The California Dept of Alcoholic Beverage Control has a program to investigate and prosecute exactly what you describe. They call it the TRACE program. As you say, adults supplying alcohol to juveniles are regarded by the law as complicit in any injuries/deaths caused by the intoxicated juvenile’s actions and are held criminally liable for enabling the drunken behavior and resultant damages.

This is a good program designed to protect children and the community. Any adult who is dumb enough to buy alcohol for juveniles unknown to them and unsupervised by them is not only engaged in very risky, unwise and irresponsible personal behavior, they are enabling more of the same in the child in addition to fostering unhealthy behavior and delinquency. Adults caught in the act of “booze grooming” of minors deserve serious consequences.

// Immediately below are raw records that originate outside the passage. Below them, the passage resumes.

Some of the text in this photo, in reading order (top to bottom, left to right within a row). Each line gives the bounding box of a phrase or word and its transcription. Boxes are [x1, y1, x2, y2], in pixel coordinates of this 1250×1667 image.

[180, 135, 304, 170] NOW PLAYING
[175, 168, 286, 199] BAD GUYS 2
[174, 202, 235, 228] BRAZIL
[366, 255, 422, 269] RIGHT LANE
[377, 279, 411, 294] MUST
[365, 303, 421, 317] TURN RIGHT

So does the adult actually have to buy the alcohol and attempt to give it to the minor, or is just saying you would do it enough? What if the adults says yes, takes the money and then leaves or uses the money to buy themselves something, (non-alcoholic)? Just saying you would do it but not actually doing it doesn’t seem like a crime, or are we now charging people with thought crimes?

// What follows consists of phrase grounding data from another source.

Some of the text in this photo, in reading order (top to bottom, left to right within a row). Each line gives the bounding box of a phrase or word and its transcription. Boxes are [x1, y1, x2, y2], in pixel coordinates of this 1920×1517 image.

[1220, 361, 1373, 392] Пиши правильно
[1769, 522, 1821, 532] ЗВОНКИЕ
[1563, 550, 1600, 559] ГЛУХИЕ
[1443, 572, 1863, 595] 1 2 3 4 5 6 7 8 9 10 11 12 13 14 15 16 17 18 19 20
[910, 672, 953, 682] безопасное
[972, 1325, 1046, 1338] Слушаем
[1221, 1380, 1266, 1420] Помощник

The complete transaction and transfer of alcohol to the minor by the adult has to take place in order to affect an arrest. No one is getting arrested for simply saying “sure kid, I’ll buy you the alcohol you want”, or for any other related “thought crimes”.

I fully support enforcement of legal age for liquor purchase. But, isn’t using a supervised minor entrapment and having the minor ask for alcohol purchase also breaking the law. I think it best to rely upon store clerk to police the legal purchase of alcohol.

It seems improper for law enforcement, or their agent, to invite you to do a crime and then arrest you for it. I know “entrapment” requires conduct that induces an otherwise law abiding citizen to commit a crime, so there are some nuances, but this just seems wrong.

Mom would buy us a Quart of Beer for $.88 BUT, We could not leave the yard if we drank. We’d all give a dollar a piece and she’d keep the change for gas money (It was the 70’s)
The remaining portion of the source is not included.